Melatonin is a hormone secreted by our brain to make us feel sleepy. But the amount of melatonin which our body secretes depends on our exposure to the light. During the day, while the sun is up our brain secretes less melatonin to keep us awake and alert; meanwhile it releases more in the evening to make us drowsy. But spending many hours in front of a bright computer screen or TV can send signal to your brain to produce less melatonin and make it harder for you to sleep. To solve this problem, keep your room dark by turning off the computer or TV or by covering your eyes with a sleep mask.
Use your bed only for sleeping.
If you’re using your bed for work or other stressful activities, you’ll find it harder to fall asleep at night. Use it only for sleep. So whenever you go to bed, your brain knows it’s time to snooze.

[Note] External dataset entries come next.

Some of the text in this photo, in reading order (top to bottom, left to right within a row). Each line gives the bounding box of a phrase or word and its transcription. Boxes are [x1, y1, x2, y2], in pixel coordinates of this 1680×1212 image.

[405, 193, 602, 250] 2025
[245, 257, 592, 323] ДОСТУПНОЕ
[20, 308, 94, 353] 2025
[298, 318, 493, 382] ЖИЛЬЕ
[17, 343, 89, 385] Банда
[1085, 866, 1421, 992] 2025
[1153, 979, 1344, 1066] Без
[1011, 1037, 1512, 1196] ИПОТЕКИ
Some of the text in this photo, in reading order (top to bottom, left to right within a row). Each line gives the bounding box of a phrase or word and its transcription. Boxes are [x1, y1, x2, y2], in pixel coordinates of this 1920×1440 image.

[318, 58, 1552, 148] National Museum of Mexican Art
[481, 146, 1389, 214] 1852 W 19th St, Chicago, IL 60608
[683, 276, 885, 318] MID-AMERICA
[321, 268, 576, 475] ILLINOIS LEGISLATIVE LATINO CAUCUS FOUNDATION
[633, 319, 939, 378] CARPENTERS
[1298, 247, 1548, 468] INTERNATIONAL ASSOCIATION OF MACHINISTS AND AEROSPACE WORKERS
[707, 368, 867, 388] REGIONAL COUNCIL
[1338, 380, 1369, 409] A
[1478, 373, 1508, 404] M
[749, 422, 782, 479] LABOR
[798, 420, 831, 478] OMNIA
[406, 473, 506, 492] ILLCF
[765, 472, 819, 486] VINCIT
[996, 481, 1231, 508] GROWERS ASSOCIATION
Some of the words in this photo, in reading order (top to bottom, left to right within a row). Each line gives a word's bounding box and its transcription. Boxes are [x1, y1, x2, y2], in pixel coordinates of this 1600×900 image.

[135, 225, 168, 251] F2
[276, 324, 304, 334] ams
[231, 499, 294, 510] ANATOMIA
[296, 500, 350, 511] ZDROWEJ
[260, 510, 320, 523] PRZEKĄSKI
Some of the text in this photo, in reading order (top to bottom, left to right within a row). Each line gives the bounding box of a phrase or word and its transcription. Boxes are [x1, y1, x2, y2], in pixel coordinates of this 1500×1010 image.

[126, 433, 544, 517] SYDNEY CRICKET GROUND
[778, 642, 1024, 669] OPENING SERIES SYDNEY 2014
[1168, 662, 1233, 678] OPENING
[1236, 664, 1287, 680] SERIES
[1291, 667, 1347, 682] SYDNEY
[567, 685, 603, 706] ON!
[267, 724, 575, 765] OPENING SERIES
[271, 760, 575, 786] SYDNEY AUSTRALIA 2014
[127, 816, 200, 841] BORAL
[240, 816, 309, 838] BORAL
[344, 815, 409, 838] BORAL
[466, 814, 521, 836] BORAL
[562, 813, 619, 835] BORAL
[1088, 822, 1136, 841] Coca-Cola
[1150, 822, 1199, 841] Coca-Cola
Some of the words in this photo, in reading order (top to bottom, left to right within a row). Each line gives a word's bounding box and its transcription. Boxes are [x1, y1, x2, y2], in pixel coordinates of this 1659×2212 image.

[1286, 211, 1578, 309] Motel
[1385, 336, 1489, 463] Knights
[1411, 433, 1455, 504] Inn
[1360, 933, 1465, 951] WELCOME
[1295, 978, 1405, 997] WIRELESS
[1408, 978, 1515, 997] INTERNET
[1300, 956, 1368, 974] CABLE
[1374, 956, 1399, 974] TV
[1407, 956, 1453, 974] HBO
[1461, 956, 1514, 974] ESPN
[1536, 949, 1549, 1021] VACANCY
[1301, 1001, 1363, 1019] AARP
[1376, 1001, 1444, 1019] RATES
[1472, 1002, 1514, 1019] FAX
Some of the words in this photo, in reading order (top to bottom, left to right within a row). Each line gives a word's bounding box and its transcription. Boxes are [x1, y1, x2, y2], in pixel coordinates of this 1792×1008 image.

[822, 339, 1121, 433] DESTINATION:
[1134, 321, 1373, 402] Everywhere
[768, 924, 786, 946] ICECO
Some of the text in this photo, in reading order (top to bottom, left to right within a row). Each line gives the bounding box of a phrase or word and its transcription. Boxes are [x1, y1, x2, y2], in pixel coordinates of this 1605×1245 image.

Avoid eating large meals before bedtime.
Eat an early dinner and try not to eat fatty foods two hours before bedtime. Heavy, rich foods can cause your stomach to work harder and may keep you wide awake. In addition, avoid acidic or spicy foods at night because they can cause heartburn and stomach trouble.
Don’t drink alcohol before bedtime.
There’s a prevailing notion that a drink at night can help people fall asleep faster. While this may be true, there’s a downside to it. Drinking alcohol can lower the quality of your sleep by waking you up late at night.
Avoid caffeine hours before bedtime
Studies show that the effect of caffeine on our body lasts up to twelve hours. This means you shouldn’t be drinking coffee after lunch or cut down your overall caffeine intake.
Many studies show a strong correlation between smoking and sleep problems. This is not surprising because cigarettes contain nicotine which is a stimulant. Also, as the night progresses most smokers suffer from nicotine withdrawal and as a result, find it rather difficult to fall asleep.
Practice relaxation techniques before bed.
Relaxation techniques can help calm your mind and prepare your body for sleep. Deep breathing is probably the most common way to relax. Also, imagining a peaceful and calming place can soothe your mind and eventually doze you off to sleep.